The factoring or factoring is a debt collection technique. It is a contract established between an enterprise and a specialized credit company (called factor) by which the factor buys the company’s debts on payment of a commission. The invoice factoring companies are important there.

In other words, the credit company advances the amount of the claims to the enterprise, from which the commissions due are deducted. It is the factor who subsequently takes care of recovering the amount of the receivables.

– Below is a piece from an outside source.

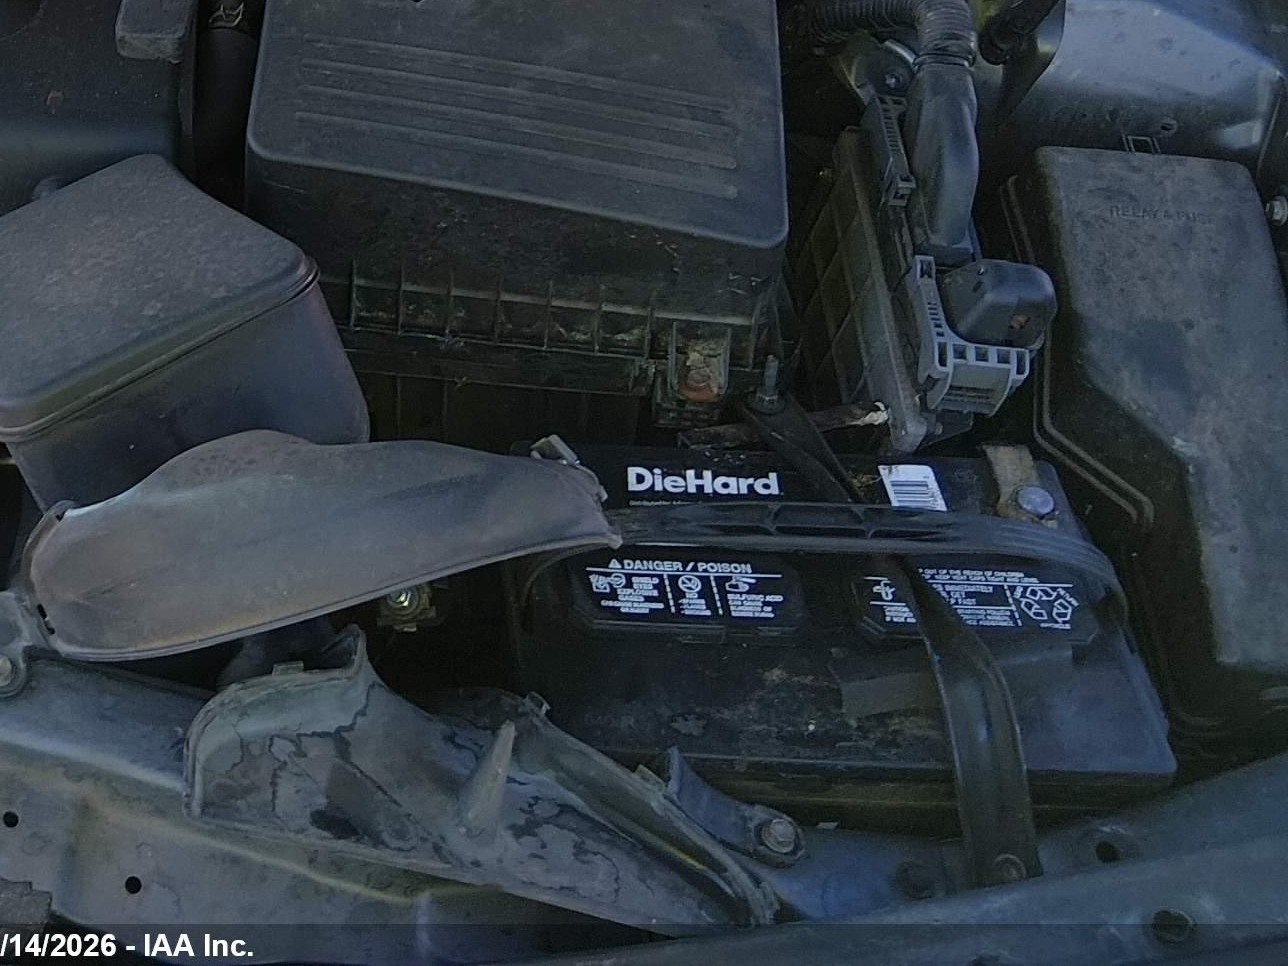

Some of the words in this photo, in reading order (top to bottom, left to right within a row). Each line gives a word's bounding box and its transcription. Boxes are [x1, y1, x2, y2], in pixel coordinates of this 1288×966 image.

[627, 466, 780, 495] DieHard
[623, 559, 683, 571] DANGER
[698, 563, 752, 574] POISON

In addition, the risk of non-payment is ensured by the credit institution which can not, in any case, blame the seller, discharged by the contract, of any liability.

Factoring, how does it work?

The selling company must obtain the consent of the factor for each of the customers. Attention, there is usually a ceiling per customer.

On the corporate side, factoring has many advantages:

The company no longer has to worry about the collection of amounts owed by its customers as well as the risk of non-payment of invoices.

It allows the company to recover its cash immediately and allows new companies to start well, no longer having to suffer the payment delays granted to customers and that generate a gap in cash.

The cost of factoring

  • Thus, as explained above, factoring has a certain cost. The factor is paid two fees:
  • The factoring commission which includes the collection, accounting and guarantee services.
  • The financing commission corresponding to the cash advance; it is calculated in relation to the amount financed and the duration of the financing (this is in fact a pro rata temporis rate).

In addition, specialized financial organizations also offer a credit insurance service for companies wishing to protect themselves against the risk of insolvency on the part of their clients.

In contrast to confidential factoring, this factoring method offers the possibility of handing over a client claim while precisely indicating to the customer that the claim has been assigned to a factoring company. However, the company remains in this case the master of the management of the recoveries; the receivables are thus preserved by the company.

Fixed factoring:

The only specificity of this method lies in the fact that factoring costs are calculated on the basis of a fixed price. This makes it possible to determine monthly the number of customer receivables to be entrusted to the factor but especially to know the exact amount of factoring fees.